» WHAT TO DO: Every line below is to be set down again exactly; any image stays out.

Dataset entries
☆ ☆ ☆ ☆
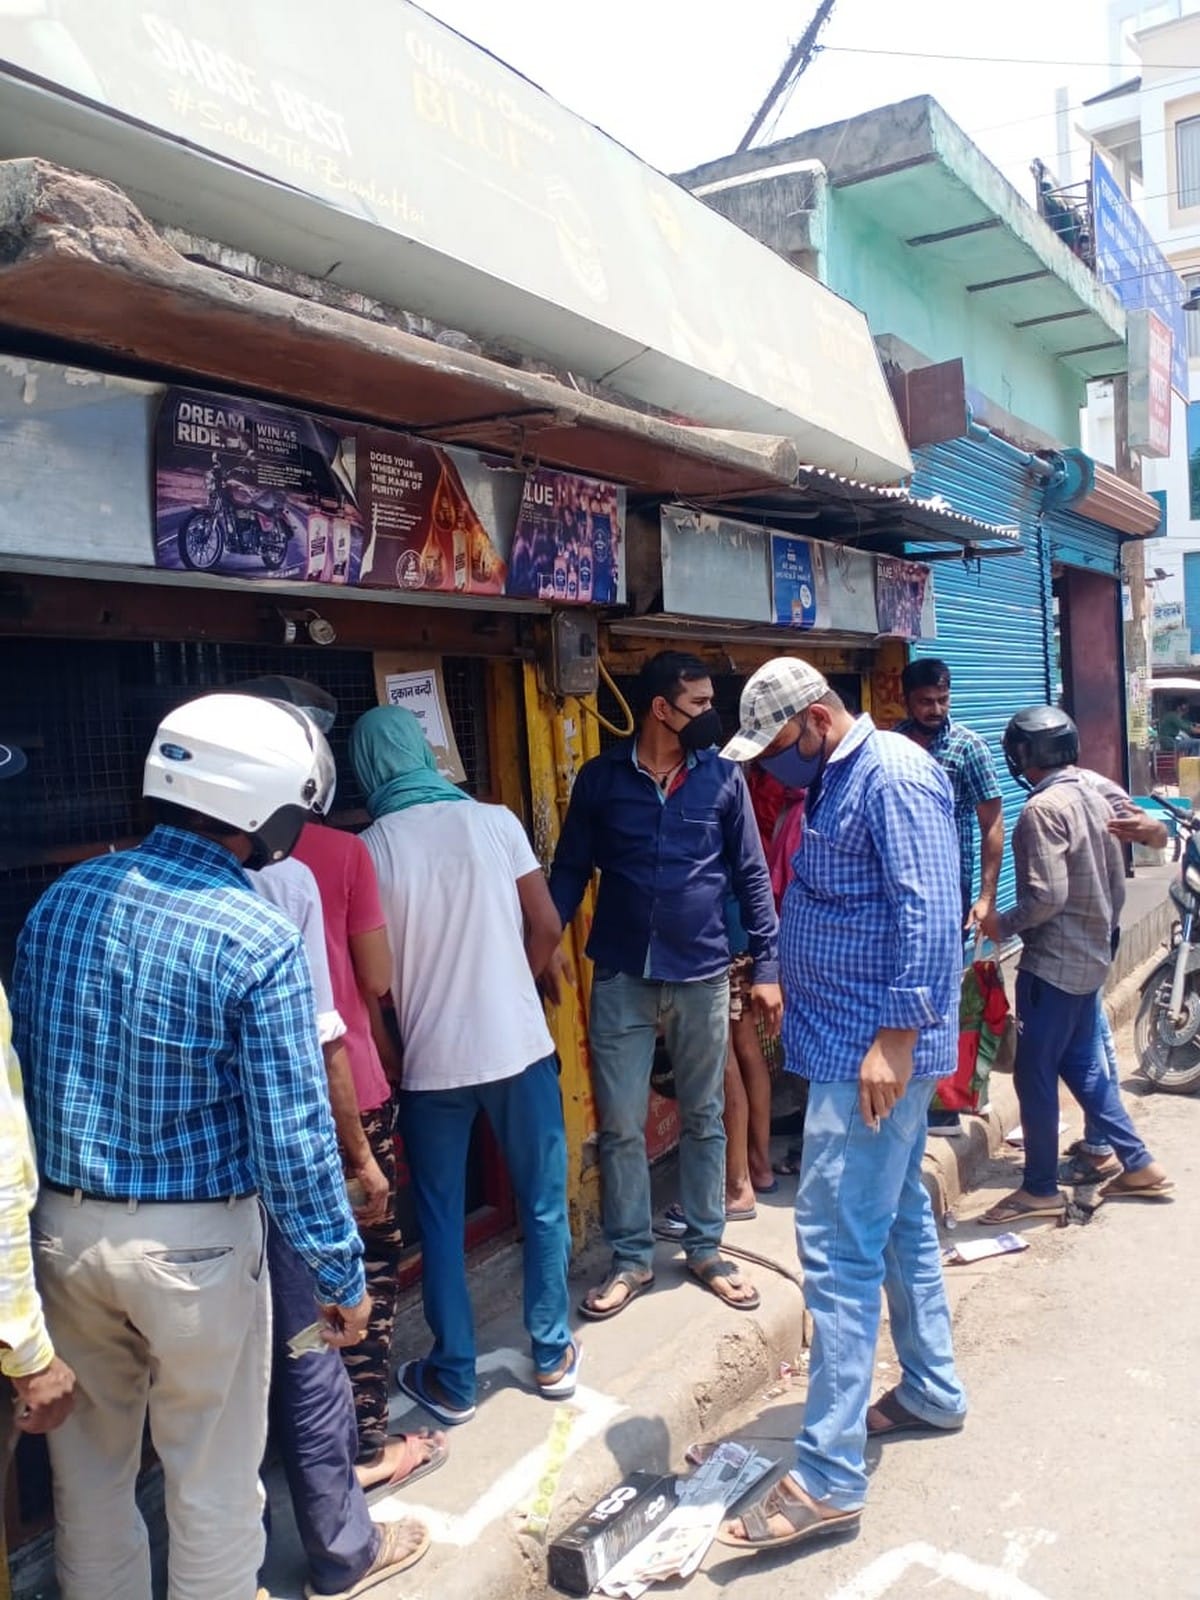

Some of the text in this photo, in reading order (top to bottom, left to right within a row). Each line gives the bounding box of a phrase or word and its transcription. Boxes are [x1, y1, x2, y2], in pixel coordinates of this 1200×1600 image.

[270, 79, 353, 158] BEST
[256, 423, 297, 442] WIN 45
[370, 451, 414, 468] DOES YOUR
[370, 462, 423, 481] WHISKY HAVE
[371, 473, 422, 490] THE MARK OF
[371, 483, 404, 497] PURITY?
[390, 686, 414, 705] दुकान
☆ ☆ ☆ ☆
» REPLY TO THE TASK:
Some of the text in this photo, in reading order (top to bottom, left to right within a row). Each line gives the bounding box of a phrase or word and its transcription. Boxes are [x1, y1, x2, y2], in pixel coordinates of this 1200×1600 image.

[270, 79, 353, 158] BEST
[256, 423, 297, 442] WIN 45
[370, 451, 414, 468] DOES YOUR
[370, 462, 423, 481] WHISKY HAVE
[371, 473, 422, 490] THE MARK OF
[371, 483, 404, 497] PURITY?
[390, 686, 414, 705] दुकान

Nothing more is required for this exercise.